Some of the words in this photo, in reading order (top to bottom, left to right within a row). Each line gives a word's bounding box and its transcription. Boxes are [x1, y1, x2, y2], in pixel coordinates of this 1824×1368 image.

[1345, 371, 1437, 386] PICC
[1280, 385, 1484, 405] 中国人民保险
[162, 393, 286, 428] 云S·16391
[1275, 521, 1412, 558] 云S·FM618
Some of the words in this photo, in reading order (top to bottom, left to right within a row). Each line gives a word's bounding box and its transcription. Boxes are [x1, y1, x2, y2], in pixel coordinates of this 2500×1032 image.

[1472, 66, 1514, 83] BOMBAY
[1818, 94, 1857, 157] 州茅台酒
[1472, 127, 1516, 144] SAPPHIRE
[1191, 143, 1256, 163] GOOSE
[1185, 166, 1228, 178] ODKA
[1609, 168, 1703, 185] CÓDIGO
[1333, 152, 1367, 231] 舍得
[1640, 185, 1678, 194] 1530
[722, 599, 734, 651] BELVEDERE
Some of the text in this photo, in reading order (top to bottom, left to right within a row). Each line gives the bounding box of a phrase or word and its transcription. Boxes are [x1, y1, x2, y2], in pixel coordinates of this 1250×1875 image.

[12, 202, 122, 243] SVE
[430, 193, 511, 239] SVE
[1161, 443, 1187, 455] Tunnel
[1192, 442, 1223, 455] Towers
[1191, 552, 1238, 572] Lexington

———

-- Exercise prompt --
When the line containing "Some of the text" is found in the records above, restate it and every later line word for word through the last one, and nothing more.

-- Expected answer --
Some of the text in this photo, in reading order (top to bottom, left to right within a row). Each line gives the bounding box of a phrase or word and its transcription. Boxes are [x1, y1, x2, y2], in pixel coordinates of this 1250×1875 image.

[12, 202, 122, 243] SVE
[430, 193, 511, 239] SVE
[1161, 443, 1187, 455] Tunnel
[1192, 442, 1223, 455] Towers
[1191, 552, 1238, 572] Lexington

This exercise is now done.